Text-to-region grounding data:

* * * * * * *

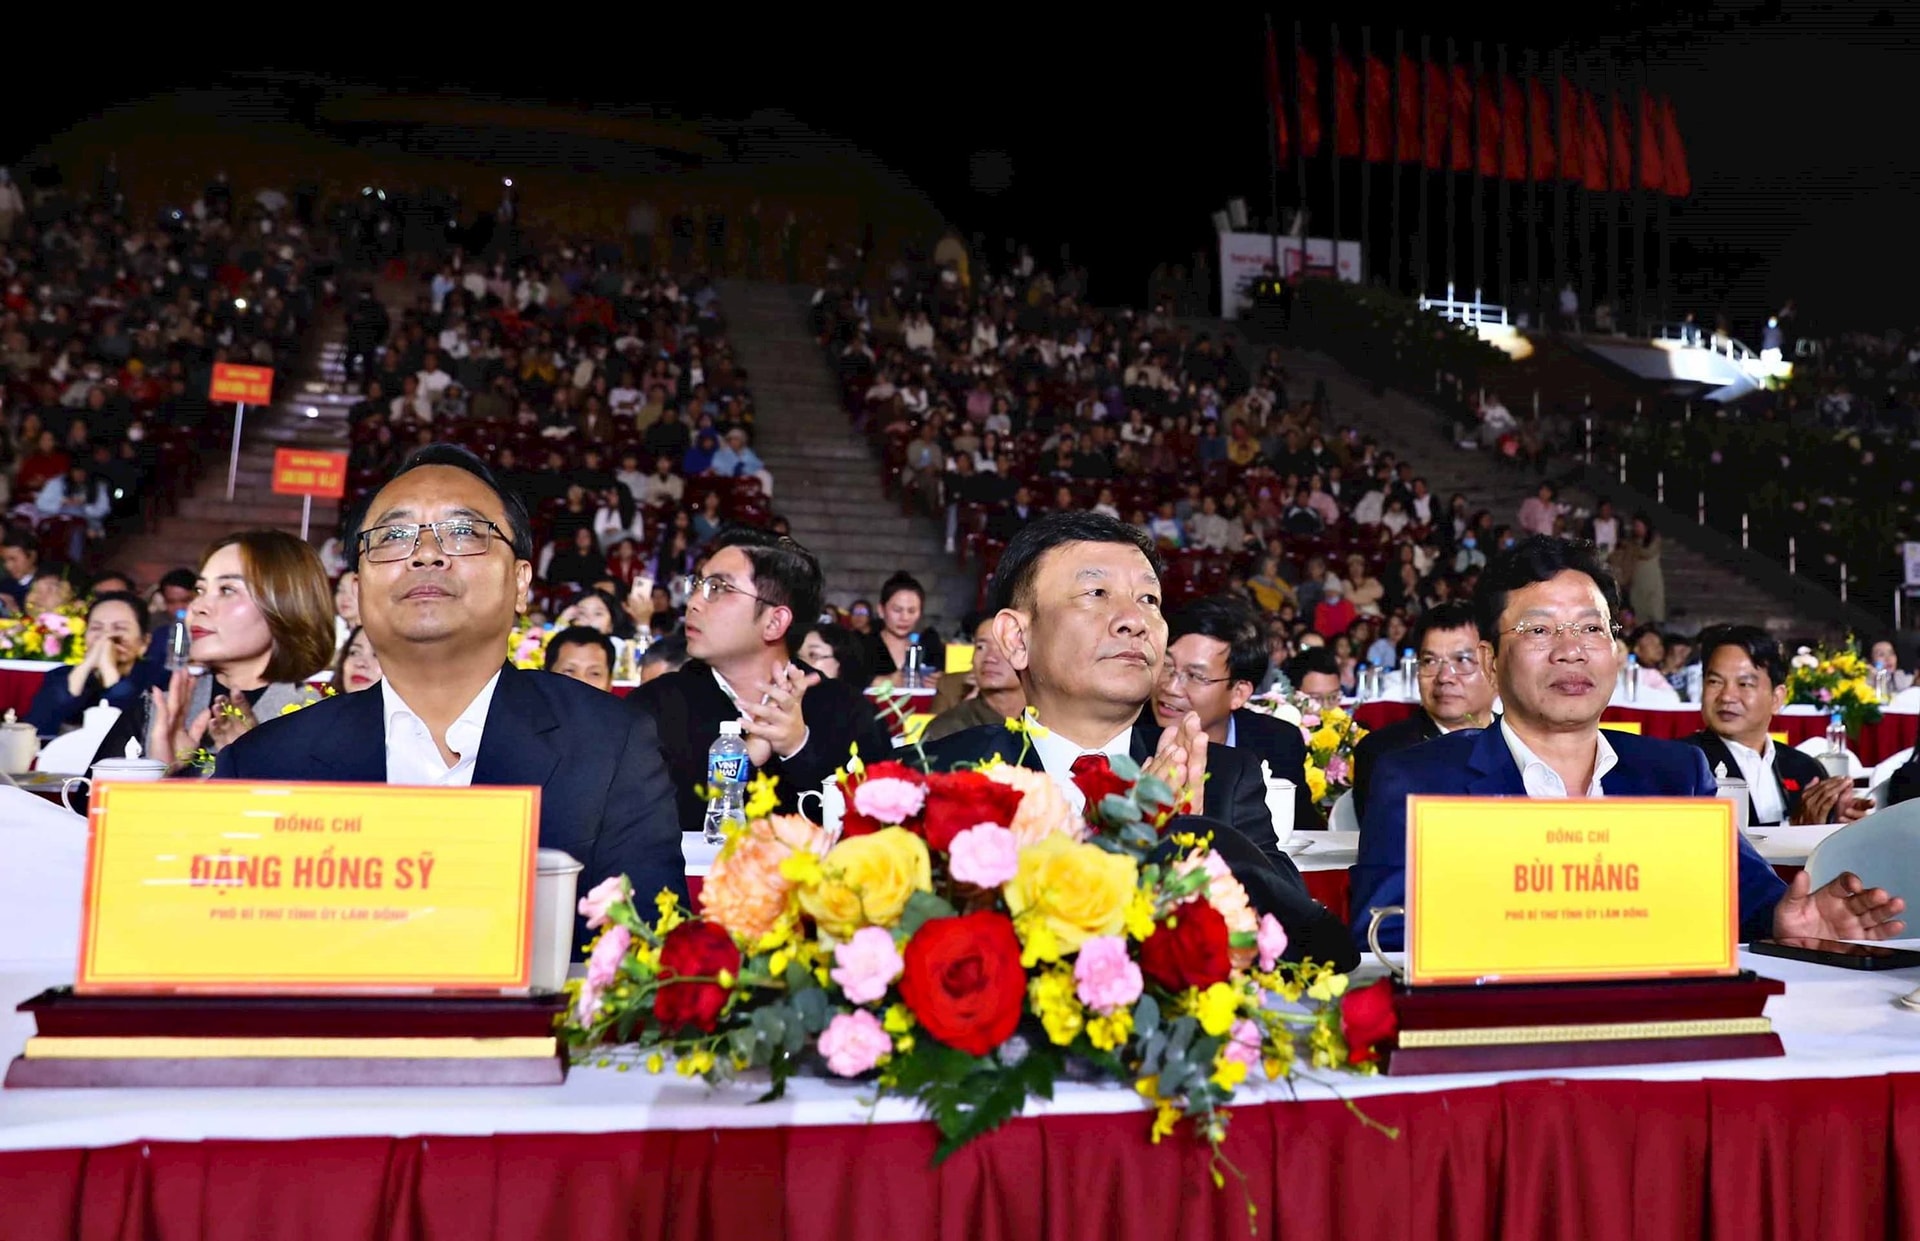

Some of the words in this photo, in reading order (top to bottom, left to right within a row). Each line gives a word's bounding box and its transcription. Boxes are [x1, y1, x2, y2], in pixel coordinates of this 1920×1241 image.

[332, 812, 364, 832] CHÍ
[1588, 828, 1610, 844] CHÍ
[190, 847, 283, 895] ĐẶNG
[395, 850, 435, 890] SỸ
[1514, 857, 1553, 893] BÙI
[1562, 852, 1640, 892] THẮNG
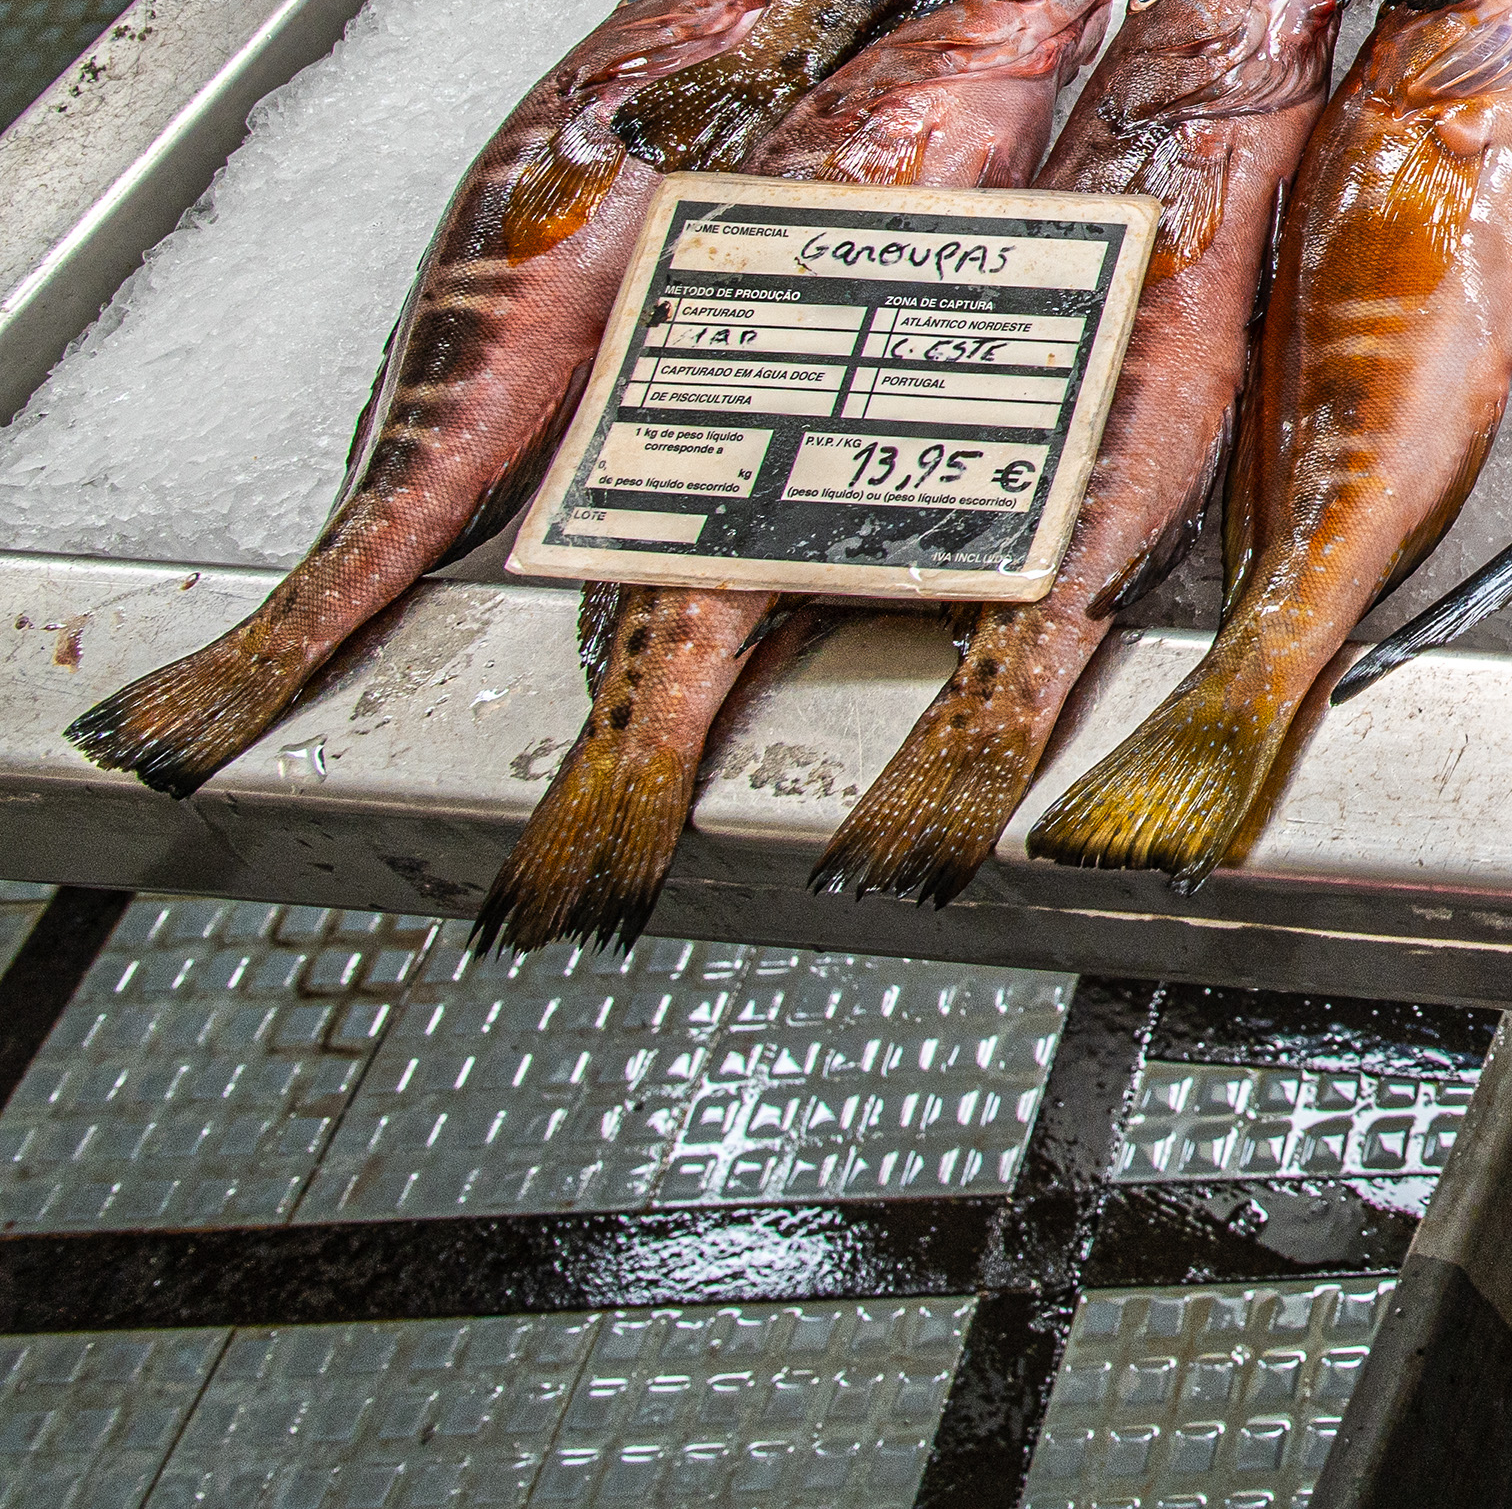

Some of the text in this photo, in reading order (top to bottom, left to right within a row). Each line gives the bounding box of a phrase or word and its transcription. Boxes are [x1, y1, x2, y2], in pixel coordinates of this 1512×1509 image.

* * * * * * *

Task directions
The output has to match the data above line for line, except that pictures are dropped.

The completed task
Some of the words in this photo, in reading order (top to bottom, left to right within a row). Each line gives a word's bounding box and its transcription. Boxes are [x1, y1, x2, y2], in pixel coordinates of this 1920×1241 image.

[332, 812, 364, 832] CHÍ
[1588, 828, 1610, 844] CHÍ
[190, 847, 283, 895] ĐẶNG
[395, 850, 435, 890] SỸ
[1514, 857, 1553, 893] BÙI
[1562, 852, 1640, 892] THẮNG

Some of the text in this photo, in reading order (top to bottom, left to right within a row). Each line gives the bounding box of a phrase or word and its transcription. Boxes are [x1, y1, x2, y2], in pixel coordinates of this 1512×1509 image.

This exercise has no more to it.